When Hali’s father asks her to help him commit suicide to spare the family the misery of a long illness, she reluctantly agrees. Hali’s family insists on letting “God’s will” decide. Hali, brooding upon the idea of predetermination and an afterlife in a way that is both challenging and deeply moving, is ultimately unable to do what her father wishes. She is forced to accept the help of a manipulative male nurse, adding further complications and a slow and painful end.
About the Author
Victoria N. Alexander, Ph.D., is a literary fiction novelist who writes about censored and controversial subjects with audacity, humor, and compassion. Bravely working to overcome complacency and conformity and to promote critical and creative thinking, tolerance and peace, she uses Huck Finn’s infamous statement of resolve as her writing motto: “All right then, I’ll go to hell.”

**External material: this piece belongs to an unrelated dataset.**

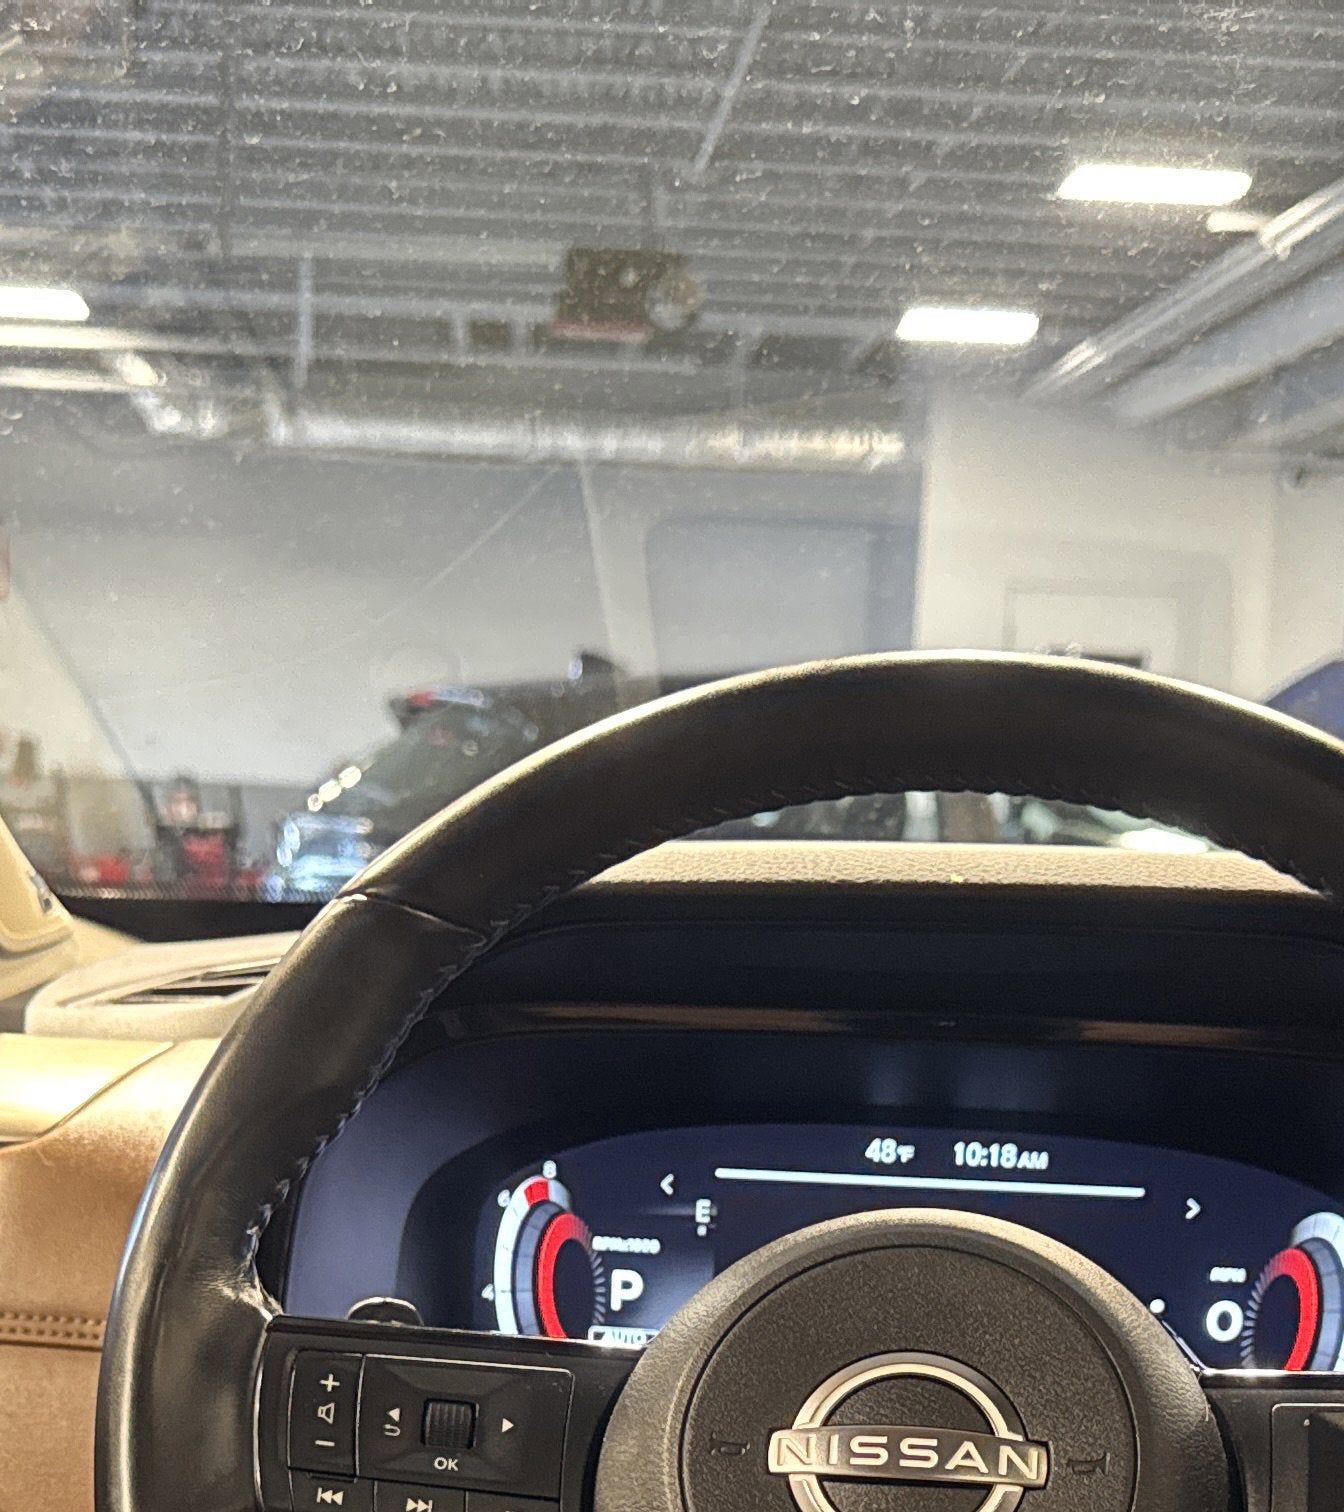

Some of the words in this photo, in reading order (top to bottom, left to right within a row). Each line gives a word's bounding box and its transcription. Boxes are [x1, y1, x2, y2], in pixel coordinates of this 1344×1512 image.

[695, 1198, 712, 1224] E
[610, 1269, 644, 1312] P
[433, 1456, 459, 1472] OK
[776, 1433, 1039, 1480] NISSAN

Alexander is also a philosopher of science. She is a Rockefeller Foundation Bellagio Center alum, a Public Scholar for the New York Council for the Humanities and a director at the Dactyl Foundation, working on new and emerging concepts in science and encouraging interaction between the sciences and the arts. Her latest work on the surprising non-utilitarian evolutionary mechanisms behind butterfly mimicry appears in Fine Lines: Nabokov’s Scientific Art (Yale University Press), which has been favorably reviewed in the New Yorker, Science, Smithsonian Magazine, Washington Post, the New Republic and others. Alexander’s fiction is published by Permanent. Her nonfiction is published by Emergent Publications.